§ Exercise details: Your answer should be the full set of records, printed exactly as they stand.

§ Data listing:
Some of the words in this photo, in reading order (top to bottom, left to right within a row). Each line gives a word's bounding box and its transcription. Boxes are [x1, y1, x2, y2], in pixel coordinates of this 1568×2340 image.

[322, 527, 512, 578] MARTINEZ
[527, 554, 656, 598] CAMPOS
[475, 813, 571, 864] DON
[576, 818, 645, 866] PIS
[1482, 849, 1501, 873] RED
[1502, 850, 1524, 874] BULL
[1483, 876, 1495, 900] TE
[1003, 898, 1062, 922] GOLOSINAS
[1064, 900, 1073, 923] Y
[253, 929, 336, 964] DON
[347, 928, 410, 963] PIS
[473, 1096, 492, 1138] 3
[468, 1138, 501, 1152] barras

§ Your response:
Some of the words in this photo, in reading order (top to bottom, left to right within a row). Each line gives a word's bounding box and its transcription. Boxes are [x1, y1, x2, y2], in pixel coordinates of this 1568×2340 image.

[322, 527, 512, 578] MARTINEZ
[527, 554, 656, 598] CAMPOS
[475, 813, 571, 864] DON
[576, 818, 645, 866] PIS
[1482, 849, 1501, 873] RED
[1502, 850, 1524, 874] BULL
[1483, 876, 1495, 900] TE
[1003, 898, 1062, 922] GOLOSINAS
[1064, 900, 1073, 923] Y
[253, 929, 336, 964] DON
[347, 928, 410, 963] PIS
[473, 1096, 492, 1138] 3
[468, 1138, 501, 1152] barras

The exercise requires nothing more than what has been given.